* Images for object localization

= = =

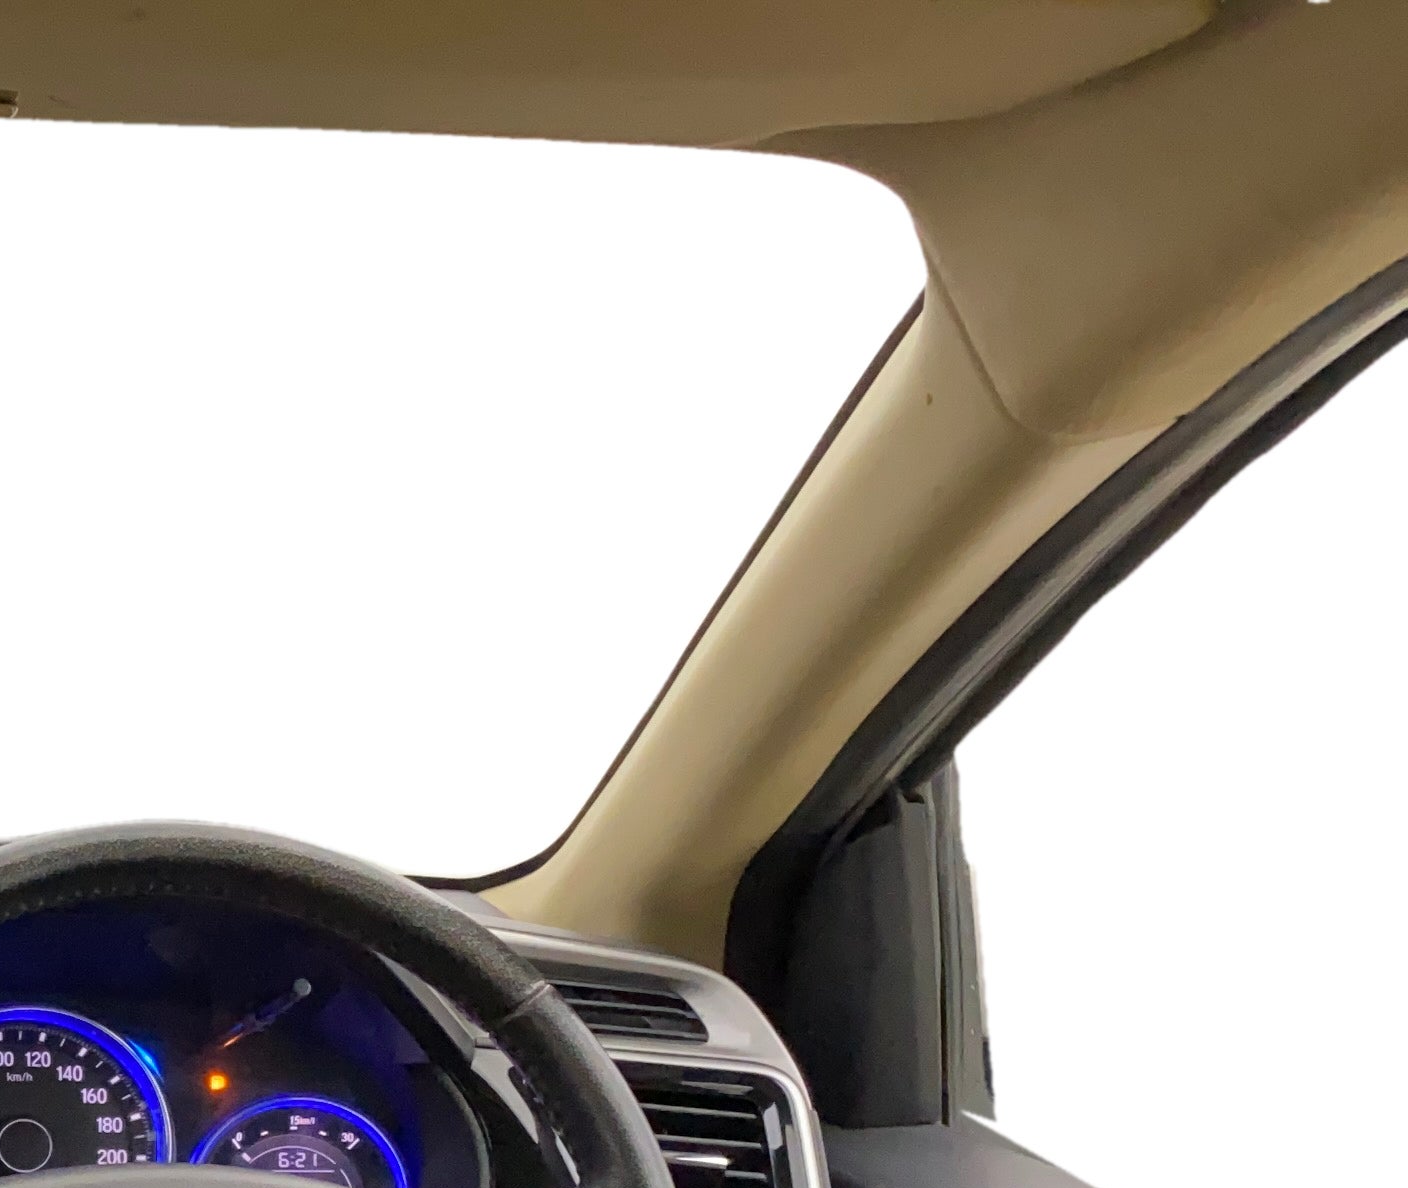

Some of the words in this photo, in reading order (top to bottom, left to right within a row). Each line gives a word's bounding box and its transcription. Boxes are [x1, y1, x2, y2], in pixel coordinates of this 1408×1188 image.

[25, 1051, 51, 1068] 120
[6, 1072, 33, 1083] km/h
[56, 1065, 83, 1082] 140
[81, 1088, 107, 1105] 160
[96, 1117, 123, 1134] 180
[235, 1132, 243, 1142] 0
[341, 1133, 354, 1143] 30
[97, 1149, 128, 1165] 200
[278, 1152, 318, 1169] 6:21
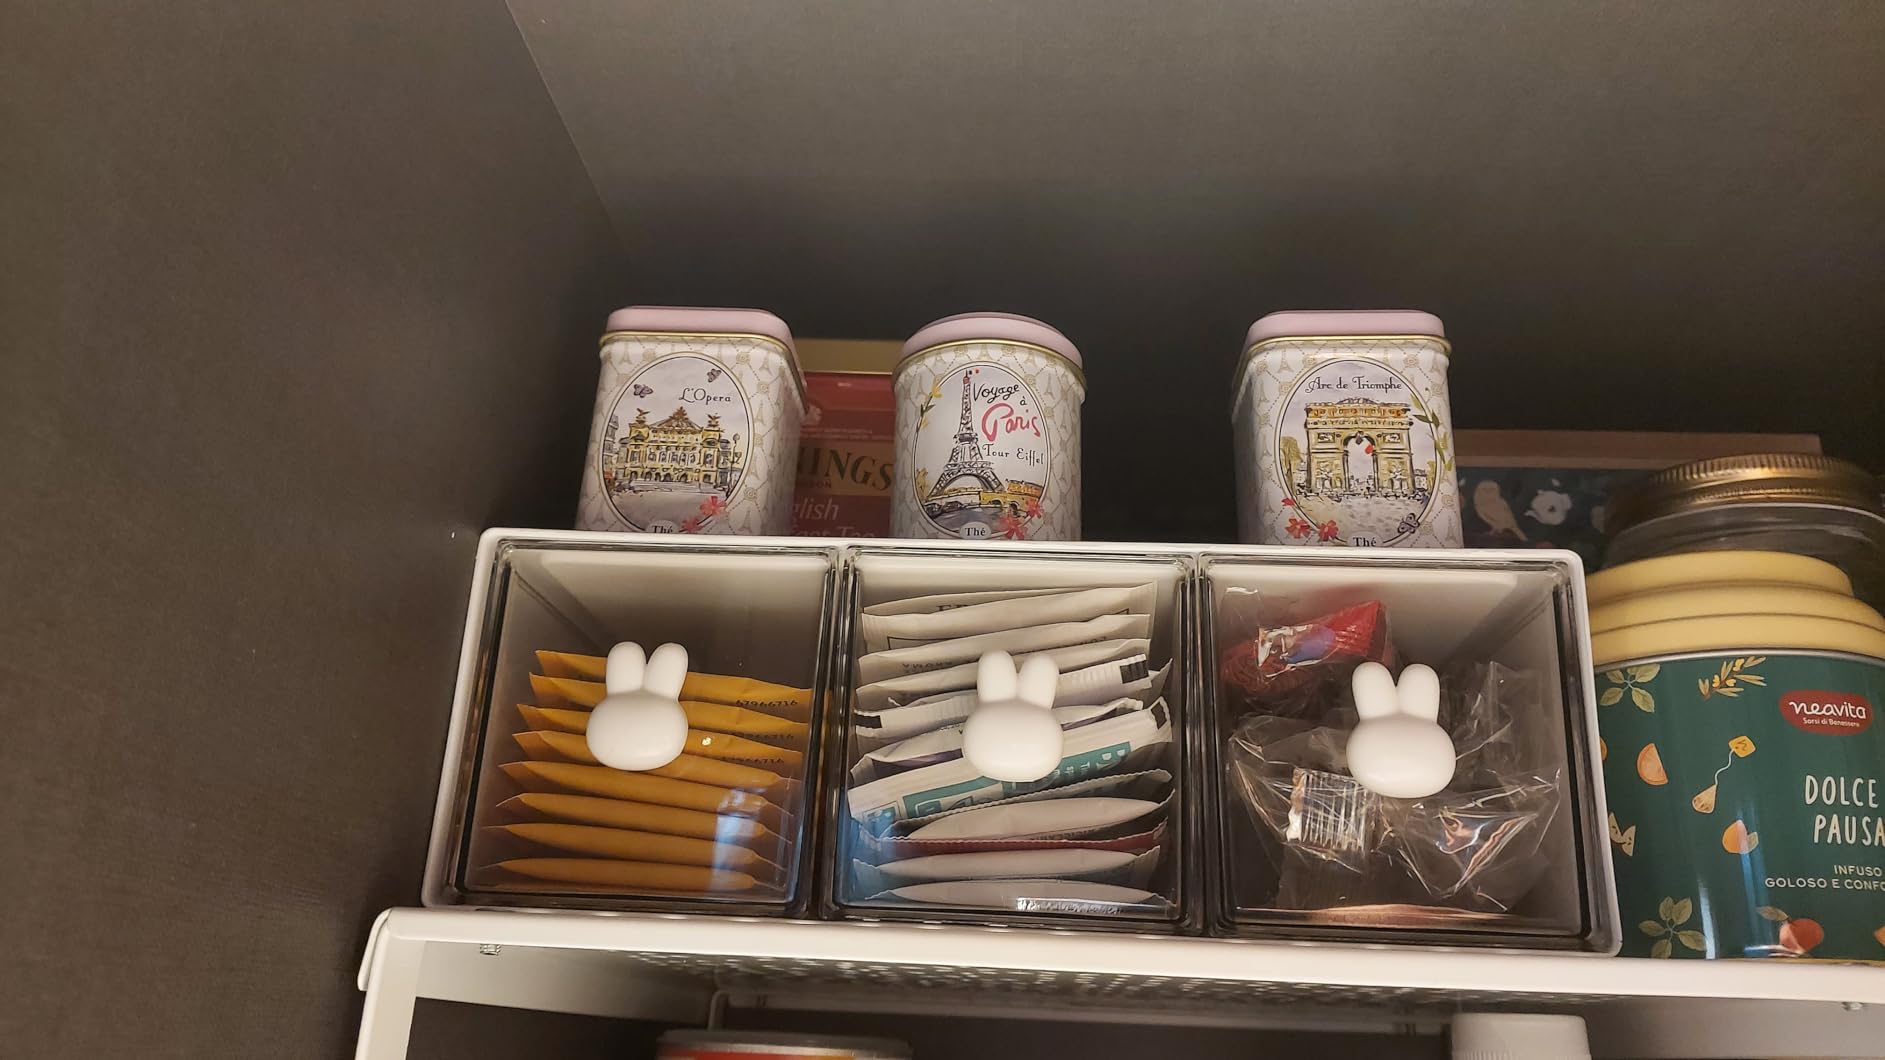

= = =

* Prompt
Restate the entries verbatim, without pictures.

* Exercise answer
Some of the words in this photo, in reading order (top to bottom, left to right within a row). Each line gives a word's bounding box and its transcription. Boxes are [x1, y1, x2, y2], in pixel coordinates of this 1408×1188 image.

[25, 1051, 51, 1068] 120
[6, 1072, 33, 1083] km/h
[56, 1065, 83, 1082] 140
[81, 1088, 107, 1105] 160
[96, 1117, 123, 1134] 180
[235, 1132, 243, 1142] 0
[341, 1133, 354, 1143] 30
[97, 1149, 128, 1165] 200
[278, 1152, 318, 1169] 6:21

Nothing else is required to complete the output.